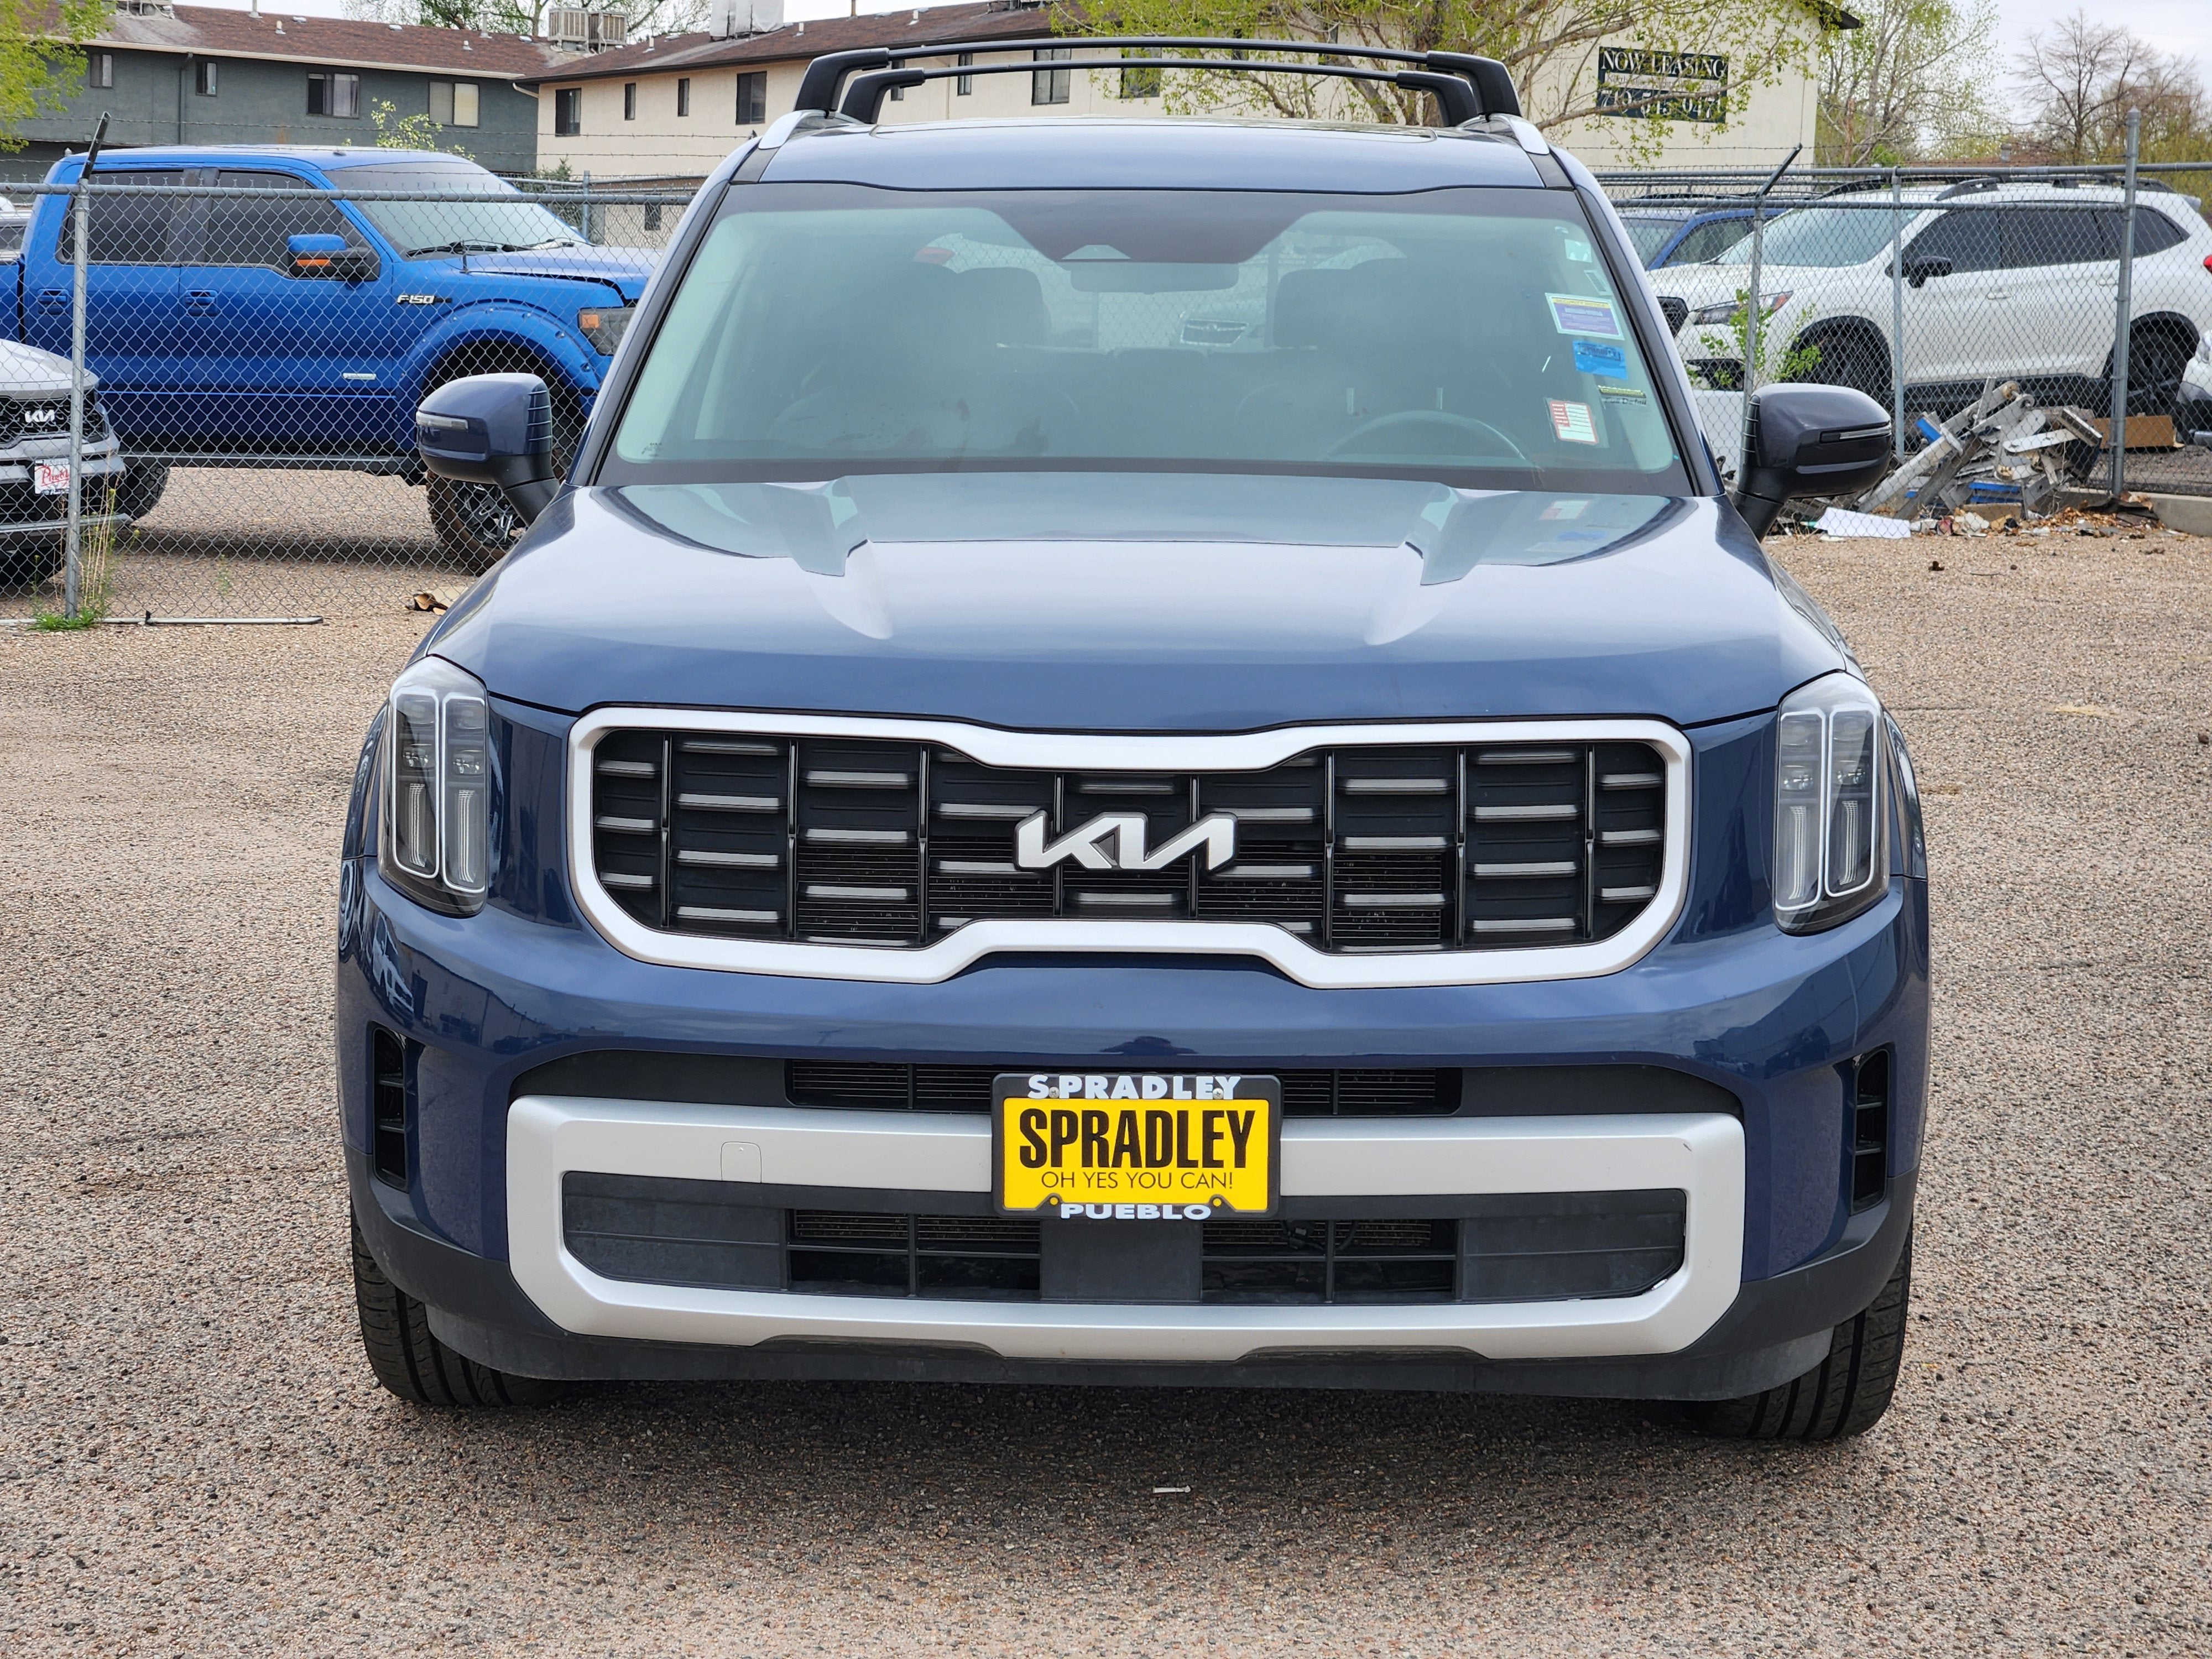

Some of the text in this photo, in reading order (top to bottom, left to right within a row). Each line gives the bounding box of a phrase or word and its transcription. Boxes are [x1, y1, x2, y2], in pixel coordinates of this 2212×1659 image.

[1601, 50, 1724, 78] NOW LEASING
[397, 295, 435, 304] F-150
[25, 409, 55, 423] KIA
[41, 466, 70, 484] Puebl
[1015, 810, 1238, 871] KIA
[1027, 1074, 1241, 1100] SPRADLEY
[1019, 1108, 1256, 1168] SPRADLEY
[1041, 1171, 1233, 1190] OH YES YOU CAN!
[1060, 1203, 1212, 1220] PUEBLO
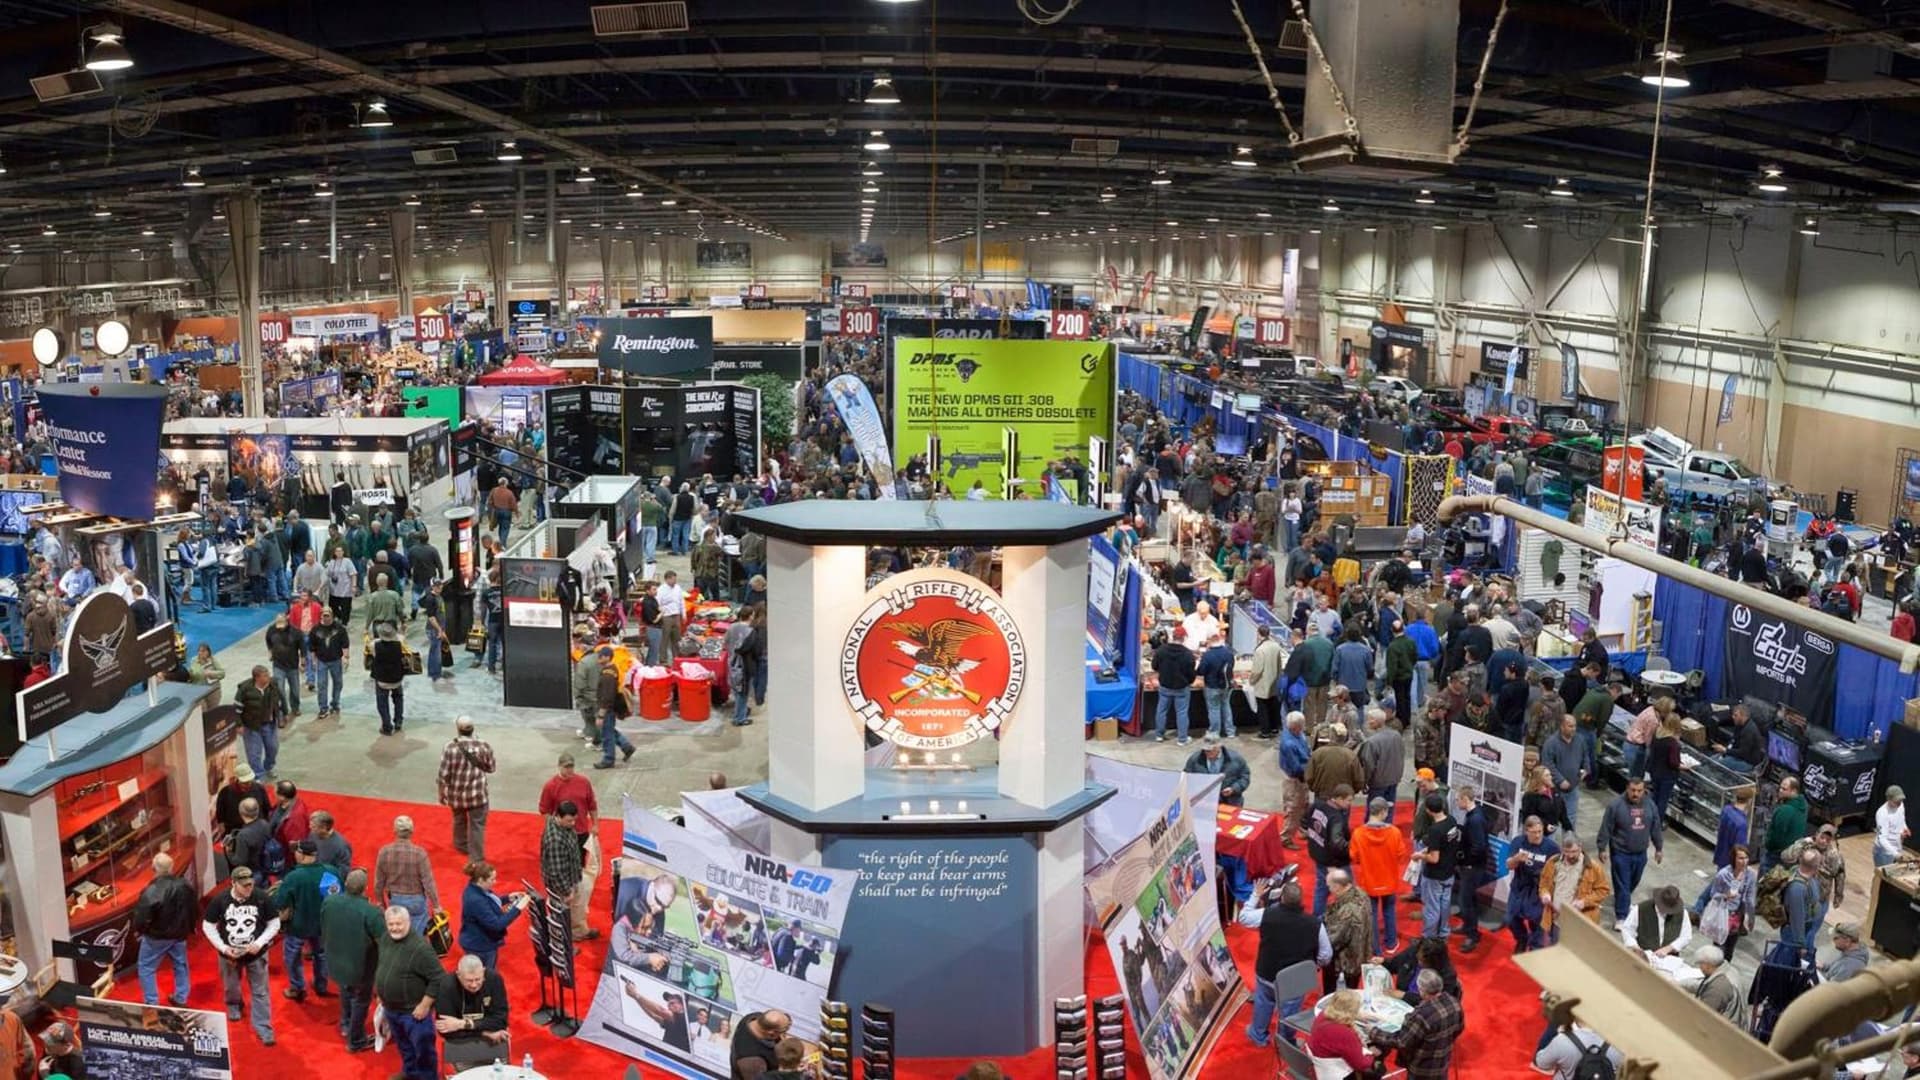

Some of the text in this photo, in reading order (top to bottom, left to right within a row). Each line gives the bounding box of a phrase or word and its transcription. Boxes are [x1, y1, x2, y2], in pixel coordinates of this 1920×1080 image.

[261, 322, 283, 342] 600
[324, 318, 368, 329] COLD STEEL
[420, 318, 444, 338] 500
[846, 312, 873, 333] 300
[1057, 314, 1084, 335] 200
[1262, 321, 1284, 342] 100
[612, 334, 696, 354] Remington
[910, 353, 956, 365] DPMS
[907, 395, 930, 405] THE
[934, 395, 961, 405] NEW
[964, 395, 1000, 405] DPMS
[907, 407, 1097, 418] MAKING ALL OTHERS OBSOLETE
[52, 438, 86, 461] Center
[913, 584, 959, 596] RIFLE
[1753, 622, 1807, 675] Eagle
[1807, 634, 1832, 652] BERSA
[844, 616, 873, 697] NATIONAL
[986, 606, 1022, 703] ASSOCIATION
[894, 708, 970, 717] INCORPORATED
[921, 722, 944, 731] 1871
[897, 733, 975, 748] OF AMERICA
[890, 852, 923, 869] right
[927, 850, 943, 869] of
[944, 850, 965, 865] the
[965, 849, 1009, 869] people
[859, 866, 1007, 884] to keep and bear arms
[706, 863, 767, 901] EDUCATE
[786, 889, 830, 920] TRAIN
[858, 882, 890, 897] shall
[895, 886, 917, 897] not
[921, 882, 935, 897] be

### Work item:
Return every line above word for word, minus images.

### Answer section:
Some of the text in this photo, in reading order (top to bottom, left to right within a row). Each line gives the bounding box of a phrase or word and its transcription. Boxes are [x1, y1, x2, y2], in pixel coordinates of this 2212×1659 image.

[1601, 50, 1724, 78] NOW LEASING
[397, 295, 435, 304] F-150
[25, 409, 55, 423] KIA
[41, 466, 70, 484] Puebl
[1015, 810, 1238, 871] KIA
[1027, 1074, 1241, 1100] SPRADLEY
[1019, 1108, 1256, 1168] SPRADLEY
[1041, 1171, 1233, 1190] OH YES YOU CAN!
[1060, 1203, 1212, 1220] PUEBLO

Some of the text in this photo, in reading order (top to bottom, left to right within a row). Each line gives the bounding box of a phrase or word and its transcription. Boxes are [x1, y1, x2, y2], in pixel coordinates of this 1920×1080 image.

[261, 322, 283, 342] 600
[324, 318, 368, 329] COLD STEEL
[420, 318, 444, 338] 500
[846, 312, 873, 333] 300
[1057, 314, 1084, 335] 200
[1262, 321, 1284, 342] 100
[612, 334, 696, 354] Remington
[910, 353, 956, 365] DPMS
[907, 395, 930, 405] THE
[934, 395, 961, 405] NEW
[964, 395, 1000, 405] DPMS
[907, 407, 1097, 418] MAKING ALL OTHERS OBSOLETE
[52, 438, 86, 461] Center
[913, 584, 959, 596] RIFLE
[1753, 622, 1807, 675] Eagle
[1807, 634, 1832, 652] BERSA
[844, 616, 873, 697] NATIONAL
[986, 606, 1022, 703] ASSOCIATION
[894, 708, 970, 717] INCORPORATED
[921, 722, 944, 731] 1871
[897, 733, 975, 748] OF AMERICA
[890, 852, 923, 869] right
[927, 850, 943, 869] of
[944, 850, 965, 865] the
[965, 849, 1009, 869] people
[859, 866, 1007, 884] to keep and bear arms
[706, 863, 767, 901] EDUCATE
[786, 889, 830, 920] TRAIN
[858, 882, 890, 897] shall
[895, 886, 917, 897] not
[921, 882, 935, 897] be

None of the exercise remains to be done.